Under the Tay Bridge

Oil rig in for maintenance

Launched in 1824 it now serves as a museum albeit without masts

A nice water park with kids, all in wetsuits because we are in Scotland, were having a blast

Look up

A not very curious or loving father sent his daughter to the get water from a local well.  She never returned so he sent a second daughter.  When his ninth daughter failed to return he finally decided to investigate and, to his horror, saw a dragon sleeping with all his daughters partially eaten corpses around it.  He gathered his neighbors and lead by father and one daughter’s lover, Martin, they attacked the dragon which Martin killed.  Hence the Dundee Dragon legend was born

info from Dundee City Council: “The statue commemorates the 1878 escape and subsequent safe recapture of a polar bear [named Bruin], one of two brought from Davis’ Straits by a local whaling ship and bought for exhibition in Commercial Street by a Mr Woods. According to contemporary reports the escapee was one of two housed in a wooden box with an iron grating which slipped off the barrow transporting them and broke open. After scaring off on lookers and barging into a High Street clothes shop the bear was tempted out by a piece of beef and safely recaptured. The iceberg element refers to the precarious future faced by polar bears while the figure is Mr Jamieson, the haberdashery shop owner.” David Annand notes that “John Gray thought it a good idea to mount them on an iceberg so that the bear is reaping revenge on humanity for destroying its habitat.”
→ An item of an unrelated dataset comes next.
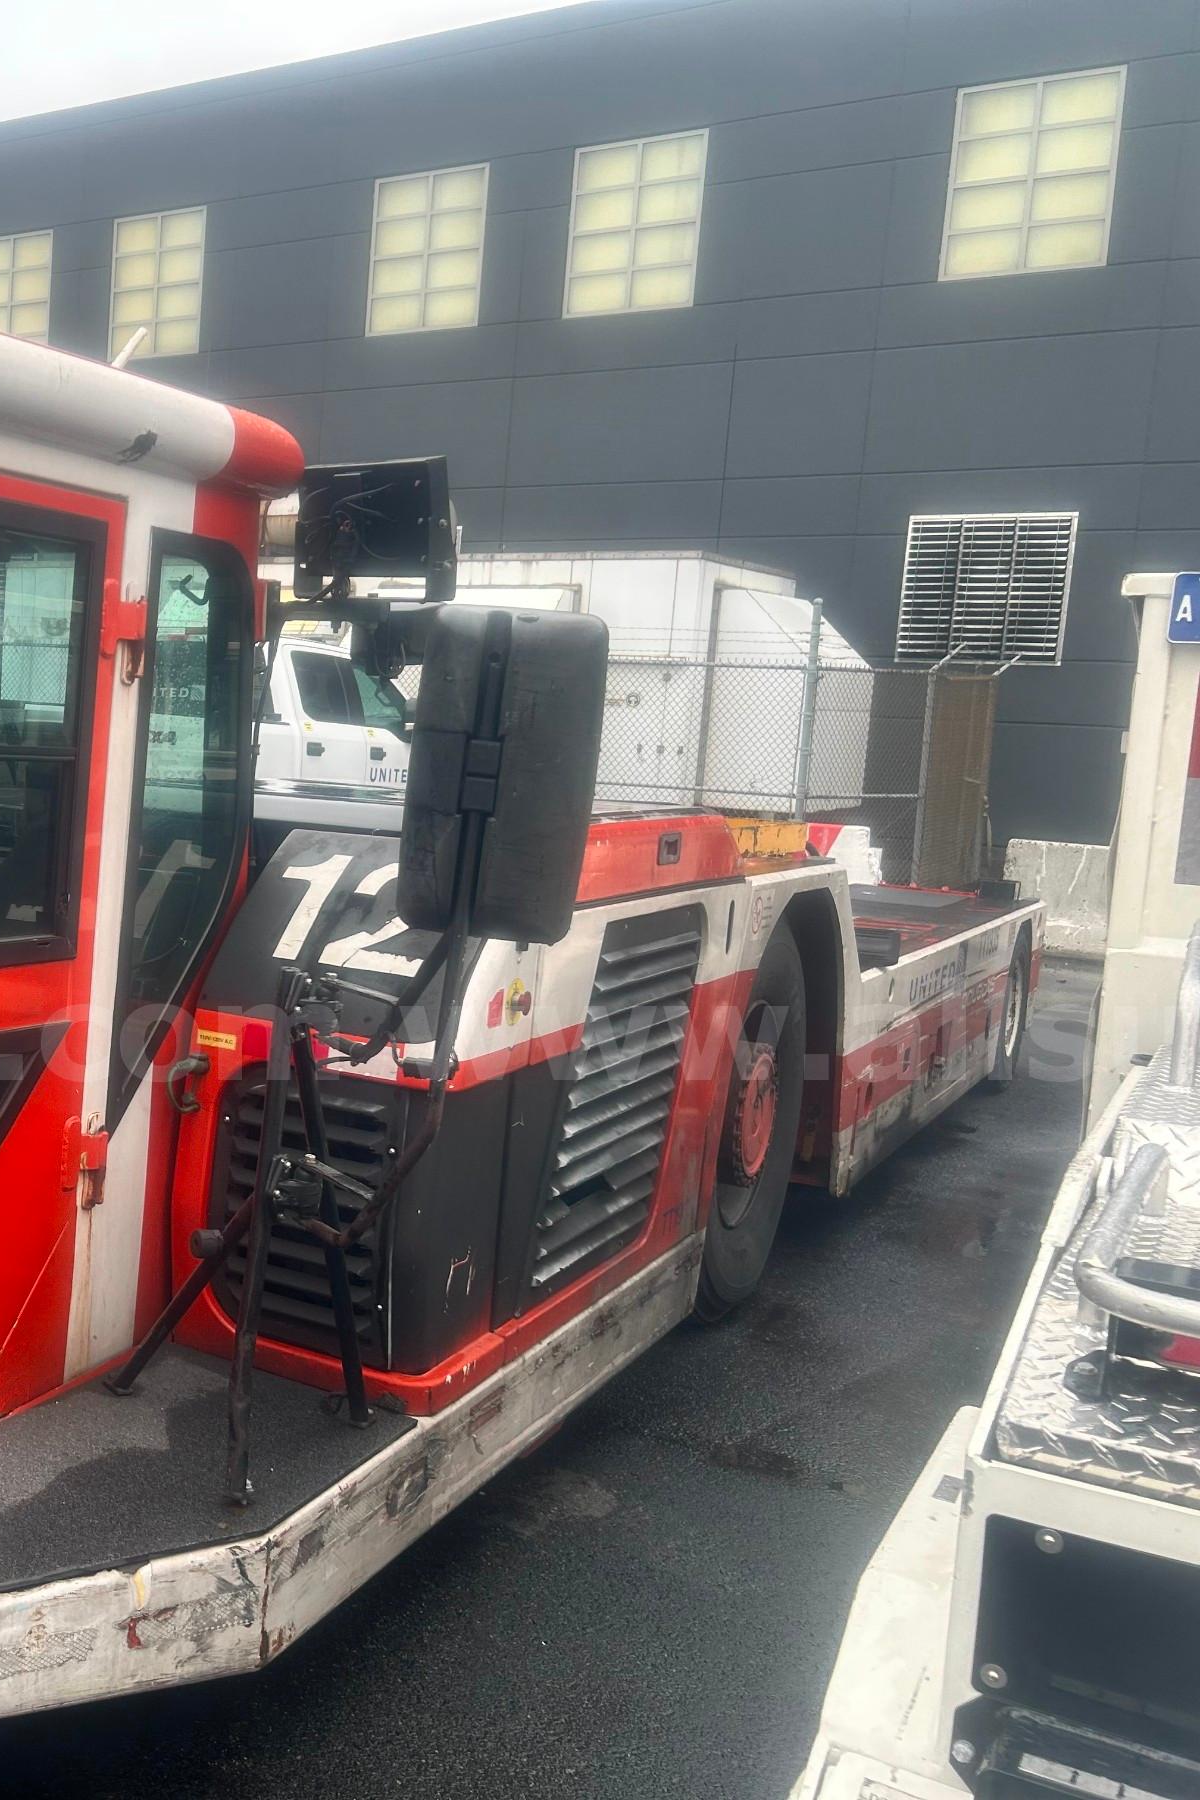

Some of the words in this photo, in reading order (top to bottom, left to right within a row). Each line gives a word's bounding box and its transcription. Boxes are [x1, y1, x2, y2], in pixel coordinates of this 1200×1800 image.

[152, 687, 189, 698] ITED
[369, 767, 408, 783] UNITE
[909, 961, 957, 1004] UNITED
Desperate Dan is a wild west character in the now-defunct Scottish comic magazine The Dandy. He made his appearance in the first issue which was dated 4 December 1937 and became the magazine’s mascot He is apparently the world’s strongest man, able to lift a cow with one hand. The pillow of his (reinforced) bed is filled with building rubble and his beard is so tough he shaves with a blowtorch. He’s accompanied by Dawg & Minnie the Minx

And then there’s Oor Wullie.  a Scottish comic strip published in the D.C. Thomson newspaper The Sunday Post. It features a character called Wullie; Wullie is a Scots nickname for boys named William, hence a favorite of mine. His trademarks are spiky hair, dungarees and an upturned bucket, which he uses as a seat: most strips since early 1937 begin and end with a single panel of Wullie sitting on his bucket.  You’ll find him all over the city with the first one in a law office

Penguins are also found around the city. This connection traces back to the RRS Discovery situated at Dundee’s waterfront. Its inaugural expedition was to the British National Antarctica – the homeland of the penguin!
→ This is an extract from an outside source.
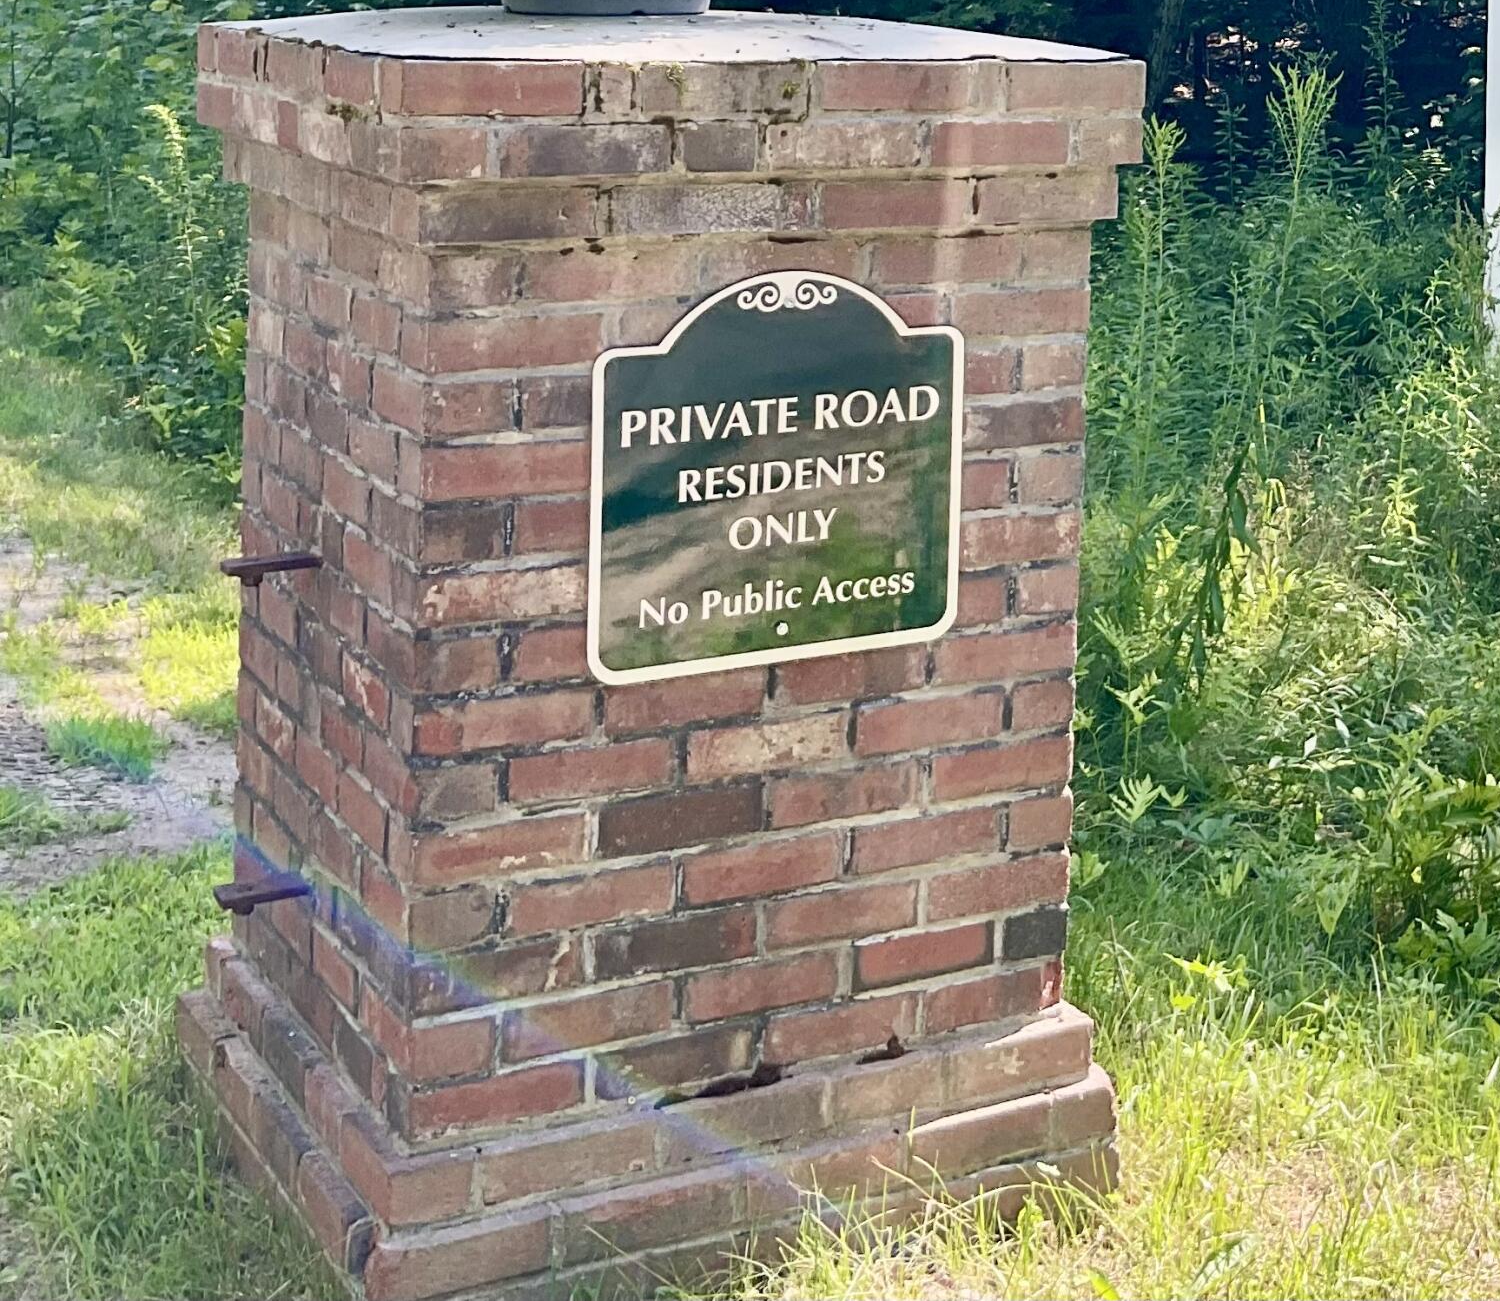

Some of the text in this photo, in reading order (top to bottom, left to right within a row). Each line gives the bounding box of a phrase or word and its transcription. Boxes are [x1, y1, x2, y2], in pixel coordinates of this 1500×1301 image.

[620, 384, 940, 449] PRIVATE ROAD
[678, 450, 886, 503] RESIDENTS
[727, 507, 839, 551] ONLY
[638, 570, 916, 629] No Public Access
I think every city in Scotland has a statue of The Poet. It is located in front of The McManus Art Gallery & Museum is a Gothic Revival style building, located in the centre of Dundee, Scotland. The building houses a museum and art gallery with a collection of fine and decorative art as well as a natural history collection. Built as a memorial to Prince Albert, the building was designed by the architect George Gilbert Scott, who was an expert for the restoration of medieval churches and advocate of the Gothic architectural style.

Herself

Dundee was at one point the largest whaling city in Britain. Not anywhere near as large s New Bedford, Massachusetts, It was still a great addition to the Jute City

I liked this painting by a former Scot in New Zealand, Ron Stenberg, donated this to the city.

The woman on the left of the picture was Janet Isles-Denny, one of Dundee’s wealthiest women who decreed in her will that her vast fortune be left in trust to promote the arts, heritage and disadvantaged in Dundee.

Furthermore, the “friend” sitting beside her was in fact her son Alexander who had learning difficulties and was a long-term resident at the 
Royal Dundee Liff Hospital.

This statue was inspired by an imagined Oor Wullie comic strip, in which Oor Wullie visits the renovated McManus Gallery. Wullie was impressed with the braw collection of weird and wonderful objects from across the globe, that had somehow all ended up in Dundee. He especially liked the mba mask from Africa, which was used in okumkpa – an African dance noted for its humorous qualities. It was believed that putting on the mask transformed the performer into a spirit, so Wullie thought he’d hae a go at that.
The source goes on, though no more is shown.